It’s hard to map the human Y chromosome. You can’t use ordinary genetic mapping procedures because the Y does not recombine; nor is it amenable to somatic cell mapping because the Y is usually lost from cell hybrids. The best approach was to study DNA from patients having only parts of a Y. It was discovered that some people lacked the whole long arm of the Y – and they were male (Affara et al. 1987). TDF therefore had to lie on the small short arm of the Y.
Deletion mapping was used to refine the position of TDF. Most informative were male patients who apparently had two X chromosomes. However, many of these patients had a tiny bit of the tip of the Y exchanged with the tip of the X, and this could be spotted by looking for Y-borne repetitive sequences.
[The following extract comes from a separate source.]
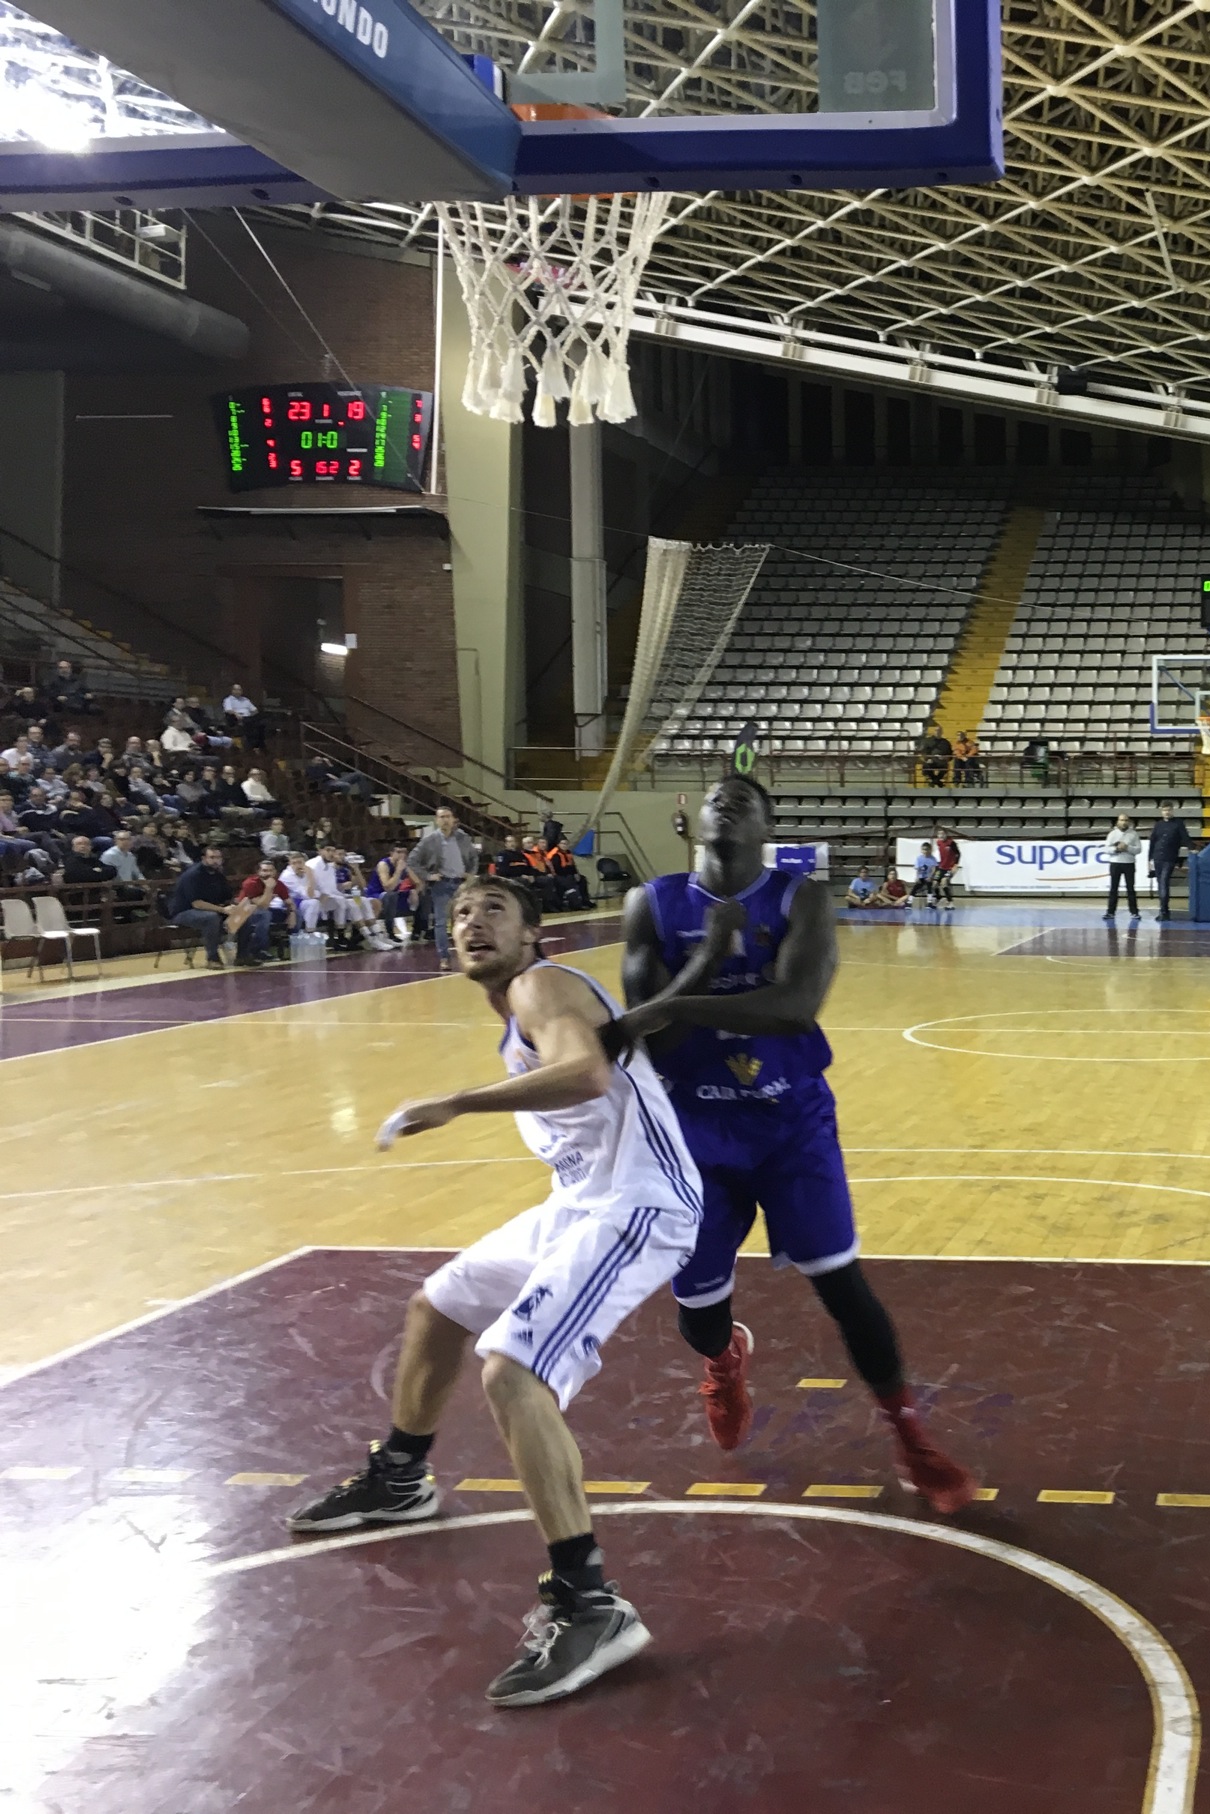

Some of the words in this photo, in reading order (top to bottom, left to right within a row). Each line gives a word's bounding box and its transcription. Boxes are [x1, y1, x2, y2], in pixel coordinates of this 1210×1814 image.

[288, 401, 311, 420] 23
[290, 459, 302, 476] 5
[348, 459, 361, 476] 2
The search focussed on this bit of the Y (Fig. 1). It might be tiny, but it was full of repetitive sequences that made it hard to map and assemble sequence.
David Page’s group at MIT were the first to find a gene in this region (Page et al. 1987). ZFY looked like an excellent candidate; it was a zinc finger gene, related to many transcription factors, appropriate for a gene whose job it was to turn on a cascade of testis-differentiating genes. ZFY was conserved on the Y chromosome in other placental mammals, including chimps, mouse, cats and horses, as you would expect of a gene crucial for reproduction and survival. And it was expressed in the testis. The only puzzling attribute was that it had a close homologue (ZFX) on the short arm of the X.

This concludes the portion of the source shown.